Des résultats chiffrés encourageants
L'essai, de phase 2, a été publié dans le Journal of the American Society of Nephrology. Il a porté sur 195 personnes, dont 192 ont été réparties au hasard entre traitement et placebo, une méthode qui renforce la fiabilité des conclusions.
Les résultats sont notables. Chez les patients traités, la pression systolique, le premier des deux chiffres de la tension, a baissé de 8,1 mmHg de plus que sous placebo, soit une réduction d'environ 5 %, à partir d'une moyenne de départ élevée de 151 mmHg. Plus intéressant encore, le médicament a réduit de 55 % l'albumine dans les urines, un marqueur de souffrance rénale. Un double bénéfice, pour la tension et pour les reins.
Un point de vigilance à ne pas masquer
L'honnêteté impose de ne pas présenter que le beau côté. Le traitement s'accompagne d'un effet secondaire à surveiller : une augmentation du potassium dans le sang, observée chez 41 % des patients traités, contre 5 % sous placebo.
Cette hyperkaliémie était de niveau léger à modéré dans l'étude, mais elle n'est pas anodine : un excès de potassium peut, dans certains cas, affecter le rythme cardiaque. C'est un paramètre que tout usage futur devra encadrer de près.
Pourquoi ce cercle vicieux est important
L'intérêt de cette piste tient à un mécanisme bien identifié. Hypertension et maladie rénale chronique s'entretiennent mutuellement : la tension abîme les reins, dont la dégradation aggrave à son tour la tension. Un cercle vicieux difficile à briser.
Un médicament qui agit à la fois sur la tension et sur la protection rénale s'attaque donc aux deux bouts du problème. Le Dr Jamie Dwyer, de l'université de l'Utah, souligne l'importance de ces travaux pour une population de patients longtemps laissée de côté dans les essais cliniques.
Ce qu'il faut retenir, avec prudence
Un mot, essentiel, sur le statut de ce médicament. Le baxdrostat n'est pas approuvé par les autorités sanitaires, et l'essai décrit relève de la phase 2. Une phase 3, plus vaste, est en cours pour les maladies rénales.
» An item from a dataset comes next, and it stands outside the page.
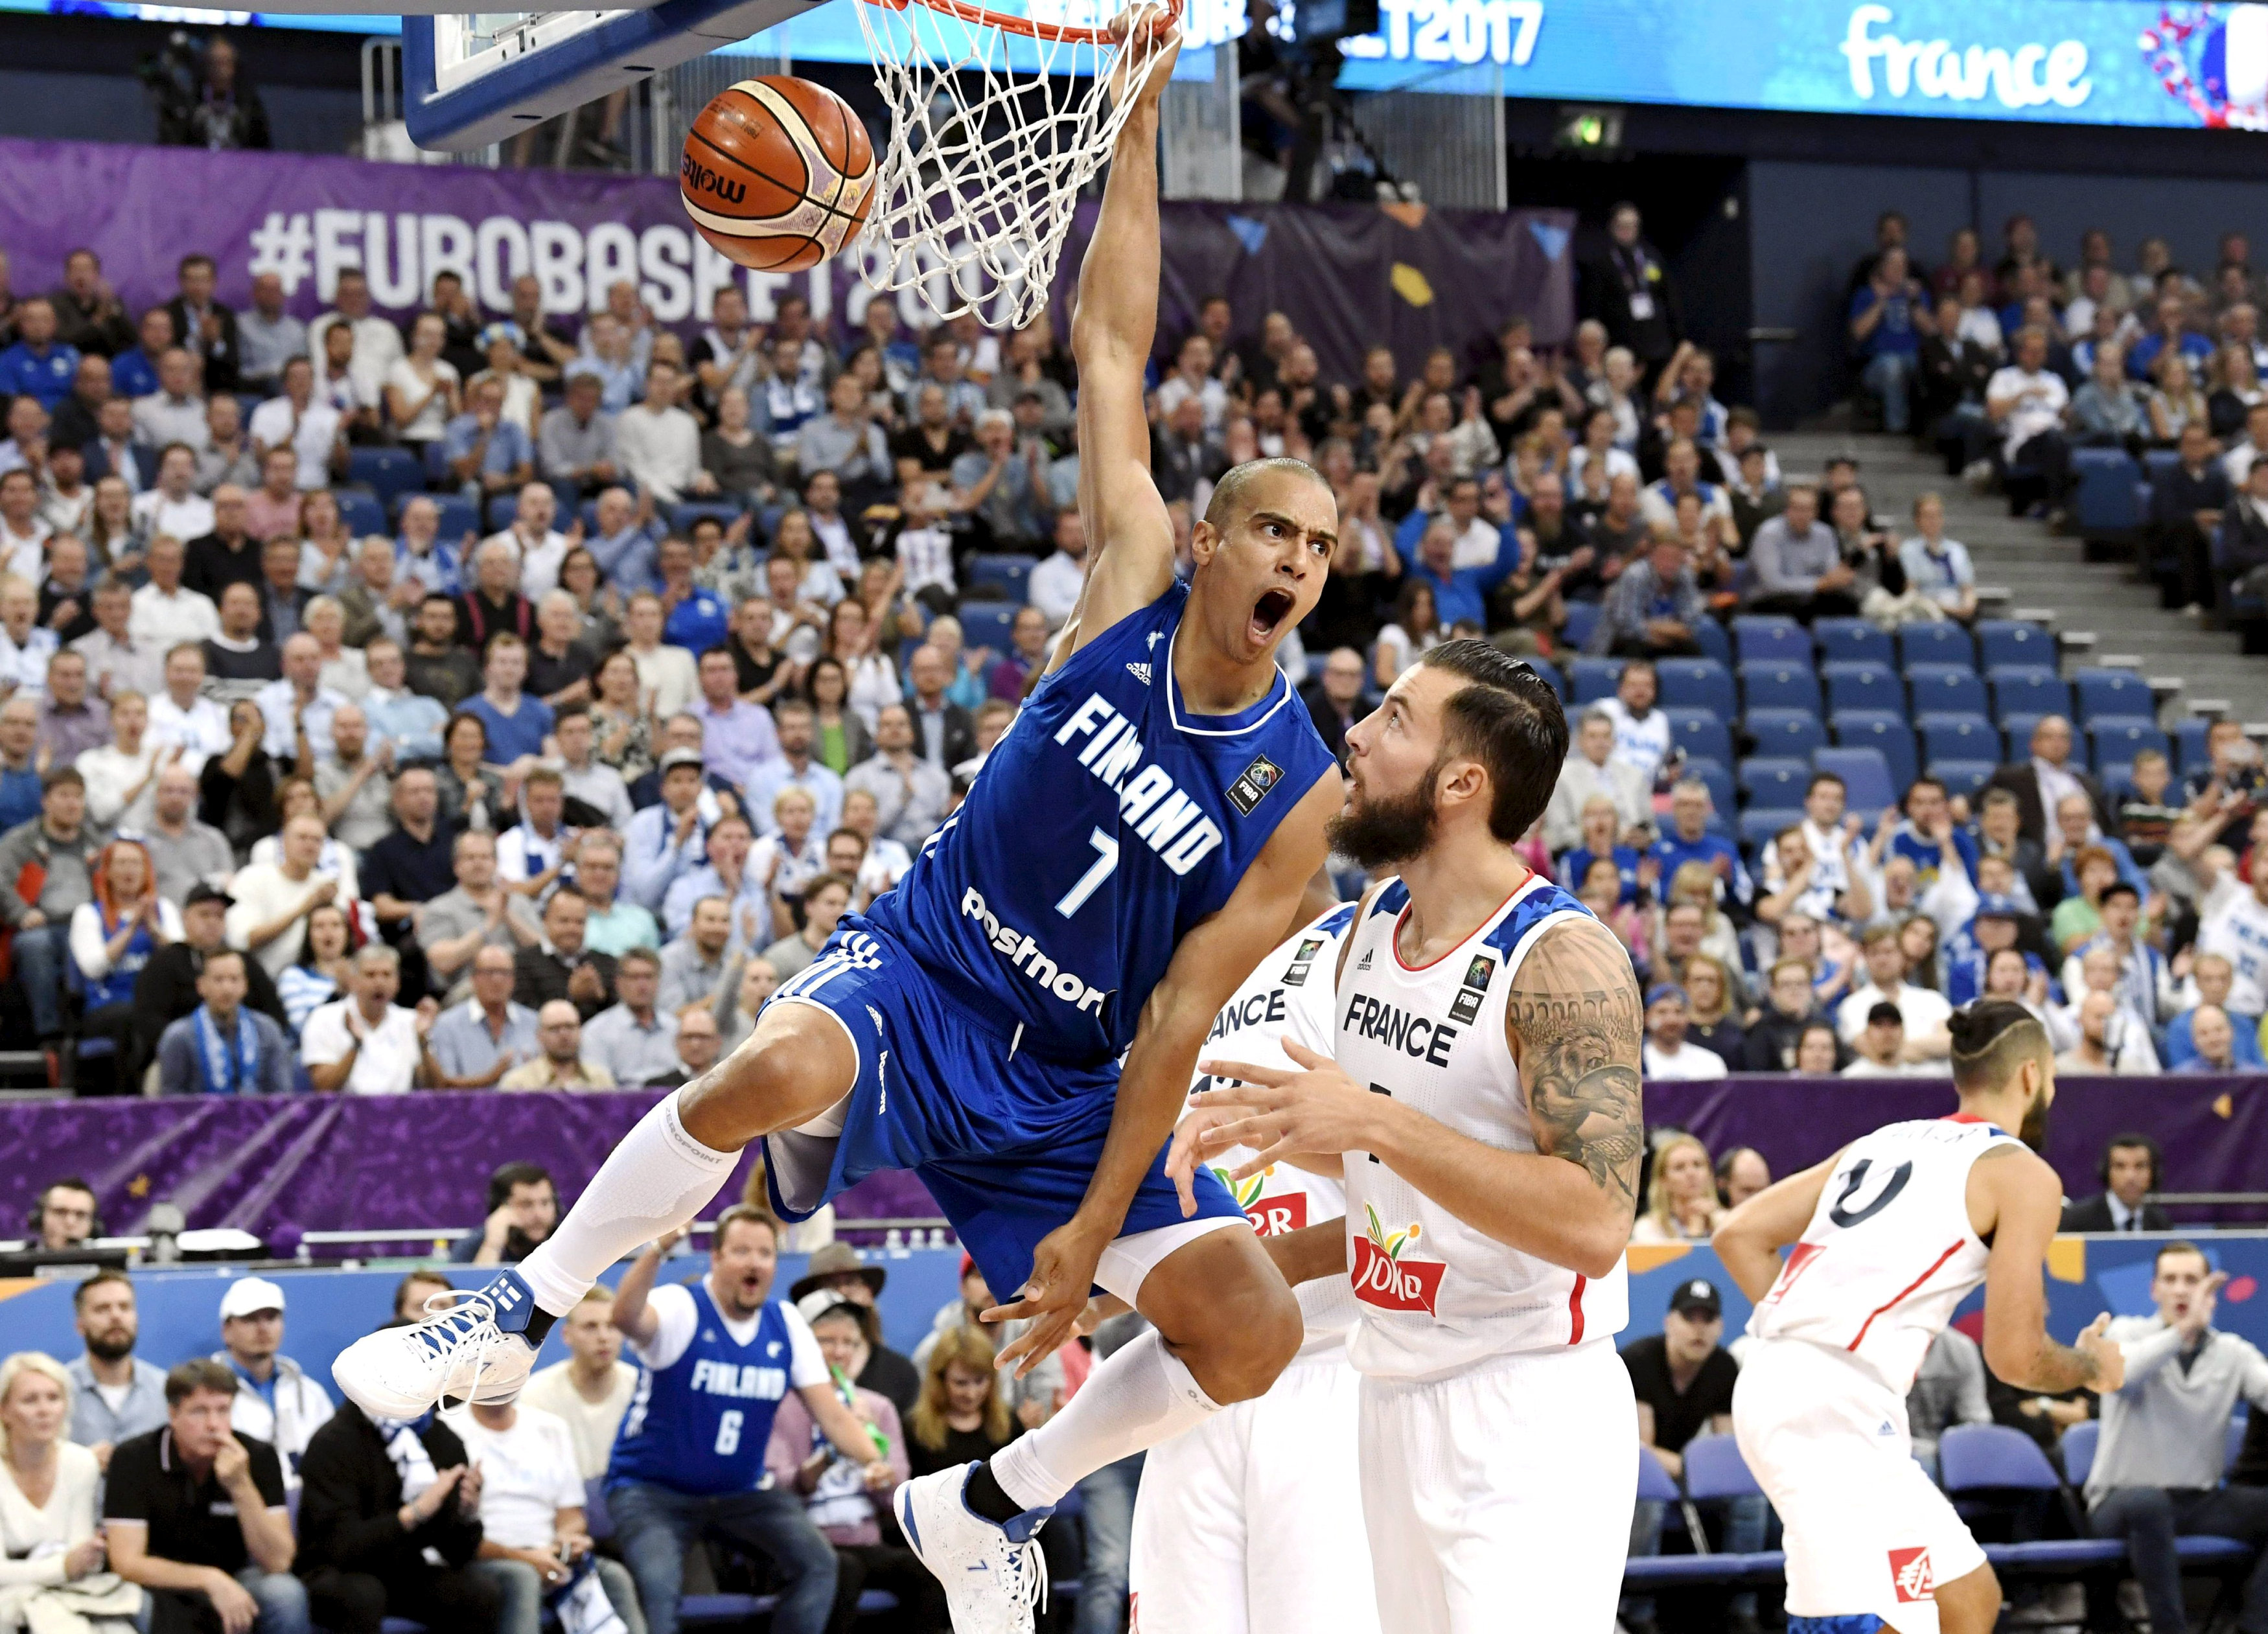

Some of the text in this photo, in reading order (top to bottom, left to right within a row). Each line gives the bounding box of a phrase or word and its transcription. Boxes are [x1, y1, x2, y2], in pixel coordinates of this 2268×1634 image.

Autrement dit, il ne s'agit pas d'un traitement disponible, mais d'une piste sérieuse en cours d'évaluation. Le chemin reste long avant une éventuelle mise sur le marché, et rien ne garantit qu'il aboutisse. Pour les personnes concernées par une hypertension résistante, c'est une raison d'espérer mesurément, en continuant à suivre les traitements prescrits et sans rien attendre, pour l'instant, de cette molécule encore expérimentale.